Return every record below exactly as given, images excluded.
==============================
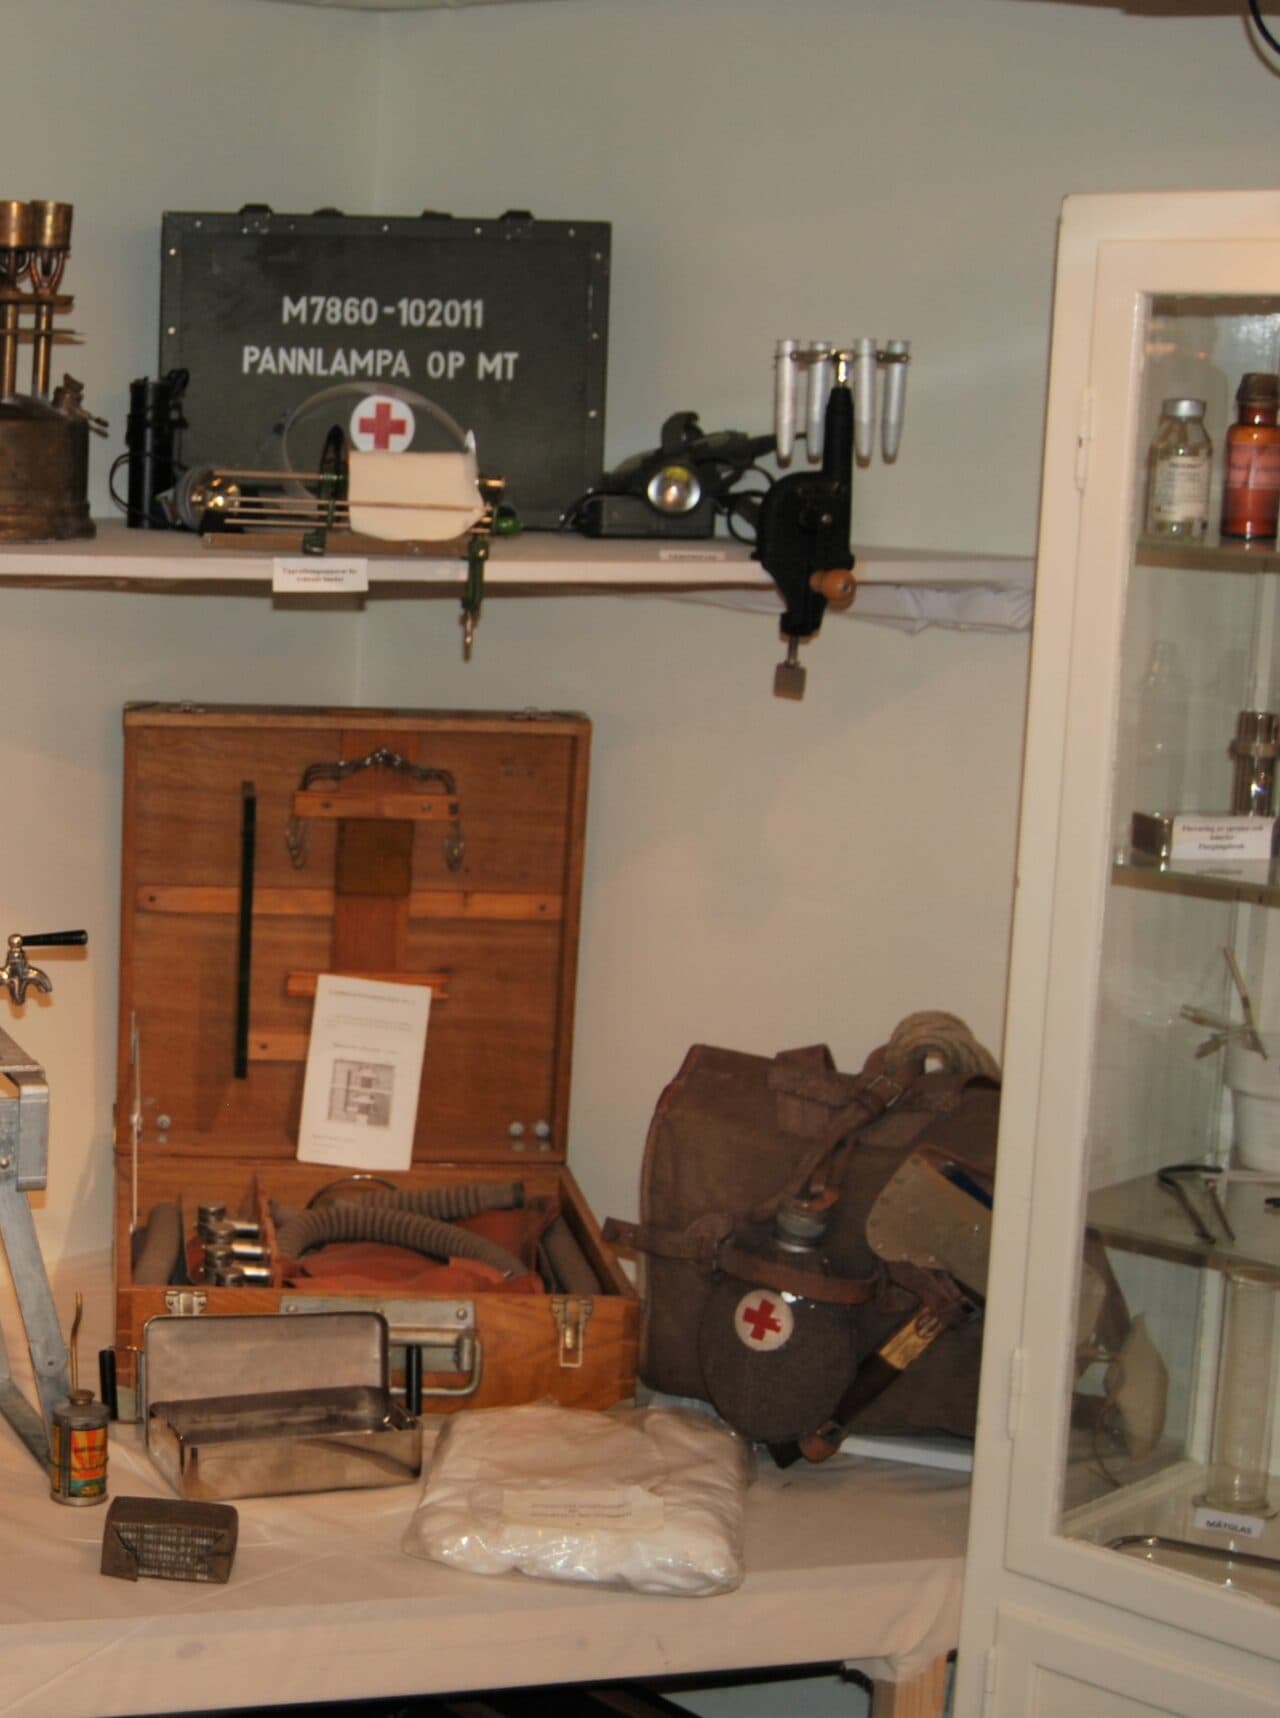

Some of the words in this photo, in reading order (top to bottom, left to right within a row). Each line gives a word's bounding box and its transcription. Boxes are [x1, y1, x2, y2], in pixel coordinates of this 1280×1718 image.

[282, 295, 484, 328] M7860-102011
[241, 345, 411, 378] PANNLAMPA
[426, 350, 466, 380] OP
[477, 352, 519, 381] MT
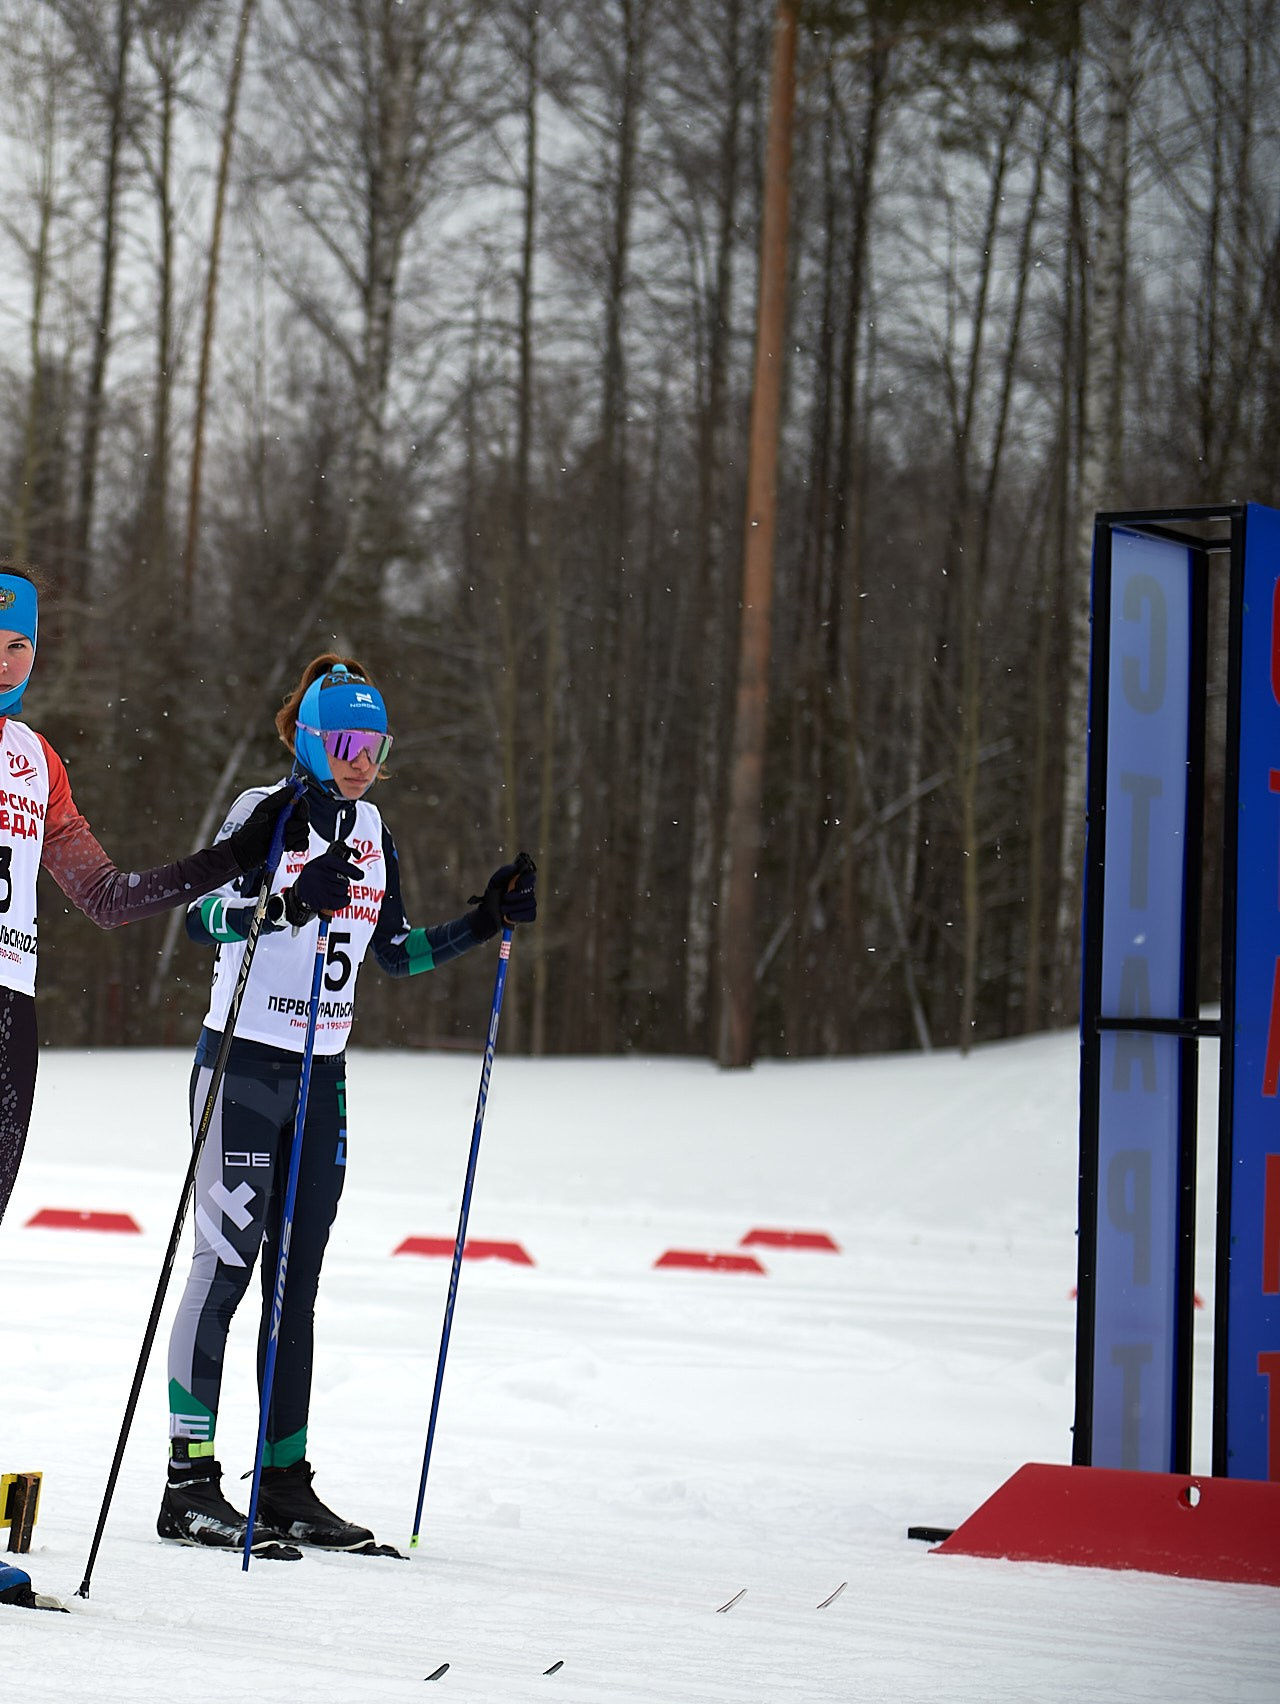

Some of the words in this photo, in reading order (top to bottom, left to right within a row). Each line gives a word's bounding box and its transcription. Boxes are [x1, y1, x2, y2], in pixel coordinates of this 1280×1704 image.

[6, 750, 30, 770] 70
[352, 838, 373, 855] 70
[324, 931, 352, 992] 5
==============================
### WRITTEN RESPONSE
Some of the words in this photo, in reading order (top to bottom, left to right within a row). Each line gives a word's bounding box and its transcription. Boxes are [x1, y1, x2, y2], in pixel coordinates of this 1280×1718 image.

[282, 295, 484, 328] M7860-102011
[241, 345, 411, 378] PANNLAMPA
[426, 350, 466, 380] OP
[477, 352, 519, 381] MT

Some of the words in this photo, in reading order (top to bottom, left to right within a row). Each line gives a word's bounding box and its transcription. Boxes are [x1, y1, x2, y2], in pixel coordinates of this 1280×1704 image.

[6, 750, 30, 770] 70
[352, 838, 373, 855] 70
[324, 931, 352, 992] 5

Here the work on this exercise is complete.